Ruang lingkup dari Cyber Law
meliputi hak cipta, merek dagang, fitnah/penistaan, hacking, virus,
akses Ilegal, privasi, kewajiban pidana, isu prosedural (Yurisdiksi,
Investigasi, Bukti, dll), kontrak elektronik, pornografi, perampokan,
perlindungan konsumen dan lain-lain.
a. Cyber Law di Indonesia
Indonesia telah resmi mempunyai undang-undang untuk mengatur orang-orang
yang tidak bertanggung jawab dalam dunia maya. Cyber Law-nya Indonesia
yaitu Undang–Undang tentang Informasi dan Transaksi Elektronik (UU ITE).
Secara garis besar UU ITE mengatur hal-hal sebagai berikut :
•Tanda tangan elektronik memiliki kekuatan hukum yang sama dengan tanda
tangan konvensional (tinta basah dan bermaterai). Sesuai dengan e-ASEAN
Framework Guidelines (pengakuan tanda tangan digital lintas batas).
• Alat bukti elektronik diakui seperti alat bukti lainnya yang diatur dalam KUHP.
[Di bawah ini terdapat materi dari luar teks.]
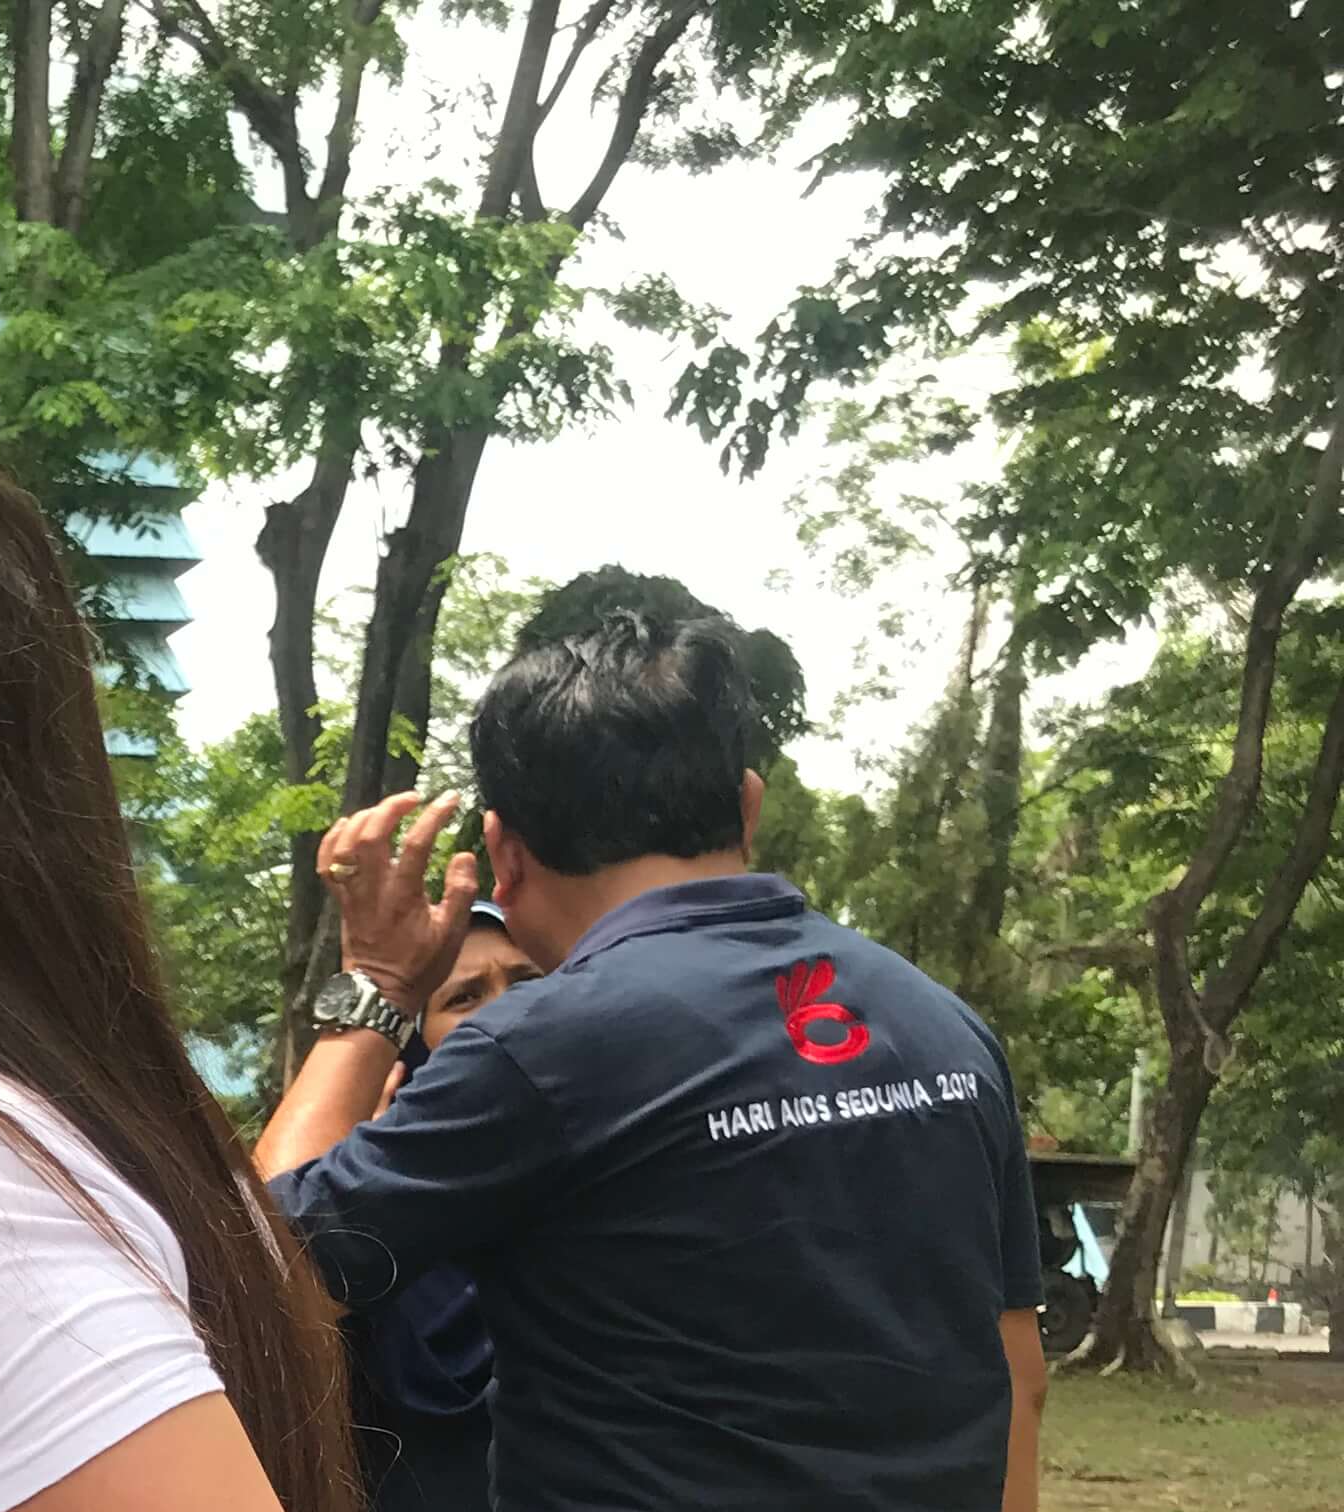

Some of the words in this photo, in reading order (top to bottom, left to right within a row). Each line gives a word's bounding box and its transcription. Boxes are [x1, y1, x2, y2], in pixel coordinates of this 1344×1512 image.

• UU ITE berlaku untuk setiap orang yang melakukan perbuatan hukum,
baik yang berada di wilayah Indonesia maupun di luar Indonesia yang
memiliki akibat hukum di Indonesia.
• Pengaturan Nama domain dan Hak Kekayaan Intelektual.
• Perbuatan yang dilarang (cybercrime), seperti yang dijelaskan pada Bab VII (pasal 27-37):
b. Cyber Law di Amerika
Di Amerika, Cyber Law yang mengatur transaksi elektronik dikenal dengan
Uniform Electronic Transaction Act (UETA). UETA adalah salah satu dari
beberapa Peraturan Perundang-undangan Amerika Serikat yang diusulkan
oleh National Conference of Commissioners on Uniform State Laws
(NCCUSL). UETA diadopsi oleh National Conference of Commissioners on
Uniform State Laws (NCCUSL) pada tahun 1999.
Sejak itu 47 negara
bagian, Kolombia, Puerto Rico, dan Pulau Virgin US telah mengadopsinya
ke dalam hukum mereka sendiri. Tujuan menyeluruhnya adalah untuk membawa
ke jalur hukum negara bagian yag berbeda atas bidang-bidang seperti
retensi dokumen kertas, dan keabsahan tanda tangan elektronik sehingga
mendukung keabsahan kontrak elektronik sebagai media perjanjian yang
layak.
UETA 1999 membahas diantaranya mengenai :
Pasal 5 : mengatur penggunaan dokumen elektronik dan tanda tangan elektronik
Pasal 7 : memberikan pengakuan legal untuk dokumen elektronik, tanda tangan elektronik, dan kontrak elektronik.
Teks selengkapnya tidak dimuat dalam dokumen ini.